■ **REQUIRED WORK**:
Working from the records beneath this line, reproduce each one exactly.

■ **RECORDS**:
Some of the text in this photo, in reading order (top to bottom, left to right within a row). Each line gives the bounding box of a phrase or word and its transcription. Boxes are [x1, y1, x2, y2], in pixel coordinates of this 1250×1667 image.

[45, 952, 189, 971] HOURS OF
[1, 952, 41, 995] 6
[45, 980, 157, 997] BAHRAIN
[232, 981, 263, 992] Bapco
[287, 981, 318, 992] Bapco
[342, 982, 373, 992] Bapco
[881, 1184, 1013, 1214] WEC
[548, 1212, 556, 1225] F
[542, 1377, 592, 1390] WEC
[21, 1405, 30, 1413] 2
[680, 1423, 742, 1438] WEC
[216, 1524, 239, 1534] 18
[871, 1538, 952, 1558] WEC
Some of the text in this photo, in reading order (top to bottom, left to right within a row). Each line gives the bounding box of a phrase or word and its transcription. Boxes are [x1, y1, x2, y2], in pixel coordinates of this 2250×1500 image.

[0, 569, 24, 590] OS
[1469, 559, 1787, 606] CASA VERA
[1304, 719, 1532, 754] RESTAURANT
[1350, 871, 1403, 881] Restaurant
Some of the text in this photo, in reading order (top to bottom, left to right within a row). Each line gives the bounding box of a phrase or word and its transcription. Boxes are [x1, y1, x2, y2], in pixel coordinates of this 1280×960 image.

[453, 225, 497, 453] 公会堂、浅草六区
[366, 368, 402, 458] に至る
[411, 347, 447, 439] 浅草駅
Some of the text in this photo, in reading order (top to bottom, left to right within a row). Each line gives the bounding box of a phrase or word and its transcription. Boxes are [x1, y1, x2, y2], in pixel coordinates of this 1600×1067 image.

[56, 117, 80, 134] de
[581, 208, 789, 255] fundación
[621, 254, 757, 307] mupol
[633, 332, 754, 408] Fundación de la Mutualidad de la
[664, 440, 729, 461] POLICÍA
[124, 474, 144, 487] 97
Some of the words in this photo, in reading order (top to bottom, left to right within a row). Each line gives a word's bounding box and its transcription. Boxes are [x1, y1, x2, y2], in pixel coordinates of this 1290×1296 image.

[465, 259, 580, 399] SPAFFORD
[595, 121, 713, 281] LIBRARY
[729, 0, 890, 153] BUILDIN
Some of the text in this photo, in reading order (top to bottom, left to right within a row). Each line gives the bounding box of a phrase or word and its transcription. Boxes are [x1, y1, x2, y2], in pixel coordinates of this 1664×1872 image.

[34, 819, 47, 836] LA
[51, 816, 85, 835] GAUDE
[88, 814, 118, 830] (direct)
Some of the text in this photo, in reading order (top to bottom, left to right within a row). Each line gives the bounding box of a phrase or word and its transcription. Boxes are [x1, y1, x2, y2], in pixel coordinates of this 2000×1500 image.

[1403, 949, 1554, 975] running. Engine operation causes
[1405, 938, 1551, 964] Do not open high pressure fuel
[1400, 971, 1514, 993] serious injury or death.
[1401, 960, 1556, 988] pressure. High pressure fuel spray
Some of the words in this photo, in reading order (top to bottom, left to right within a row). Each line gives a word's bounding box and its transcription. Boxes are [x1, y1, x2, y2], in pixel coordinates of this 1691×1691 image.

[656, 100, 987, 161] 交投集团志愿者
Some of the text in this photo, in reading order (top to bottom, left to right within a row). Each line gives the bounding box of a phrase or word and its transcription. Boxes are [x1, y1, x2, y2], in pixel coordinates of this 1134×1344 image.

■ **ANSWER BELOW**:
Some of the text in this photo, in reading order (top to bottom, left to right within a row). Each line gives the bounding box of a phrase or word and its transcription. Boxes are [x1, y1, x2, y2], in pixel coordinates of this 1250×1667 image.

[45, 952, 189, 971] HOURS OF
[1, 952, 41, 995] 6
[45, 980, 157, 997] BAHRAIN
[232, 981, 263, 992] Bapco
[287, 981, 318, 992] Bapco
[342, 982, 373, 992] Bapco
[881, 1184, 1013, 1214] WEC
[548, 1212, 556, 1225] F
[542, 1377, 592, 1390] WEC
[21, 1405, 30, 1413] 2
[680, 1423, 742, 1438] WEC
[216, 1524, 239, 1534] 18
[871, 1538, 952, 1558] WEC
Some of the text in this photo, in reading order (top to bottom, left to right within a row). Each line gives the bounding box of a phrase or word and its transcription. Boxes are [x1, y1, x2, y2], in pixel coordinates of this 2250×1500 image.

[0, 569, 24, 590] OS
[1469, 559, 1787, 606] CASA VERA
[1304, 719, 1532, 754] RESTAURANT
[1350, 871, 1403, 881] Restaurant
Some of the text in this photo, in reading order (top to bottom, left to right within a row). Each line gives the bounding box of a phrase or word and its transcription. Boxes are [x1, y1, x2, y2], in pixel coordinates of this 1280×960 image.

[453, 225, 497, 453] 公会堂、浅草六区
[366, 368, 402, 458] に至る
[411, 347, 447, 439] 浅草駅
Some of the text in this photo, in reading order (top to bottom, left to right within a row). Each line gives the bounding box of a phrase or word and its transcription. Boxes are [x1, y1, x2, y2], in pixel coordinates of this 1600×1067 image.

[56, 117, 80, 134] de
[581, 208, 789, 255] fundación
[621, 254, 757, 307] mupol
[633, 332, 754, 408] Fundación de la Mutualidad de la
[664, 440, 729, 461] POLICÍA
[124, 474, 144, 487] 97
Some of the words in this photo, in reading order (top to bottom, left to right within a row). Each line gives a word's bounding box and its transcription. Boxes are [x1, y1, x2, y2], in pixel coordinates of this 1290×1296 image.

[465, 259, 580, 399] SPAFFORD
[595, 121, 713, 281] LIBRARY
[729, 0, 890, 153] BUILDIN
Some of the text in this photo, in reading order (top to bottom, left to right within a row). Each line gives the bounding box of a phrase or word and its transcription. Boxes are [x1, y1, x2, y2], in pixel coordinates of this 1664×1872 image.

[34, 819, 47, 836] LA
[51, 816, 85, 835] GAUDE
[88, 814, 118, 830] (direct)
Some of the text in this photo, in reading order (top to bottom, left to right within a row). Each line gives the bounding box of a phrase or word and its transcription. Boxes are [x1, y1, x2, y2], in pixel coordinates of this 2000×1500 image.

[1403, 949, 1554, 975] running. Engine operation causes
[1405, 938, 1551, 964] Do not open high pressure fuel
[1400, 971, 1514, 993] serious injury or death.
[1401, 960, 1556, 988] pressure. High pressure fuel spray
Some of the words in this photo, in reading order (top to bottom, left to right within a row). Each line gives a word's bounding box and its transcription. Boxes are [x1, y1, x2, y2], in pixel coordinates of this 1691×1691 image.

[656, 100, 987, 161] 交投集团志愿者
Some of the text in this photo, in reading order (top to bottom, left to right within a row). Each line gives the bounding box of a phrase or word and its transcription. Boxes are [x1, y1, x2, y2], in pixel coordinates of this 1134×1344 image.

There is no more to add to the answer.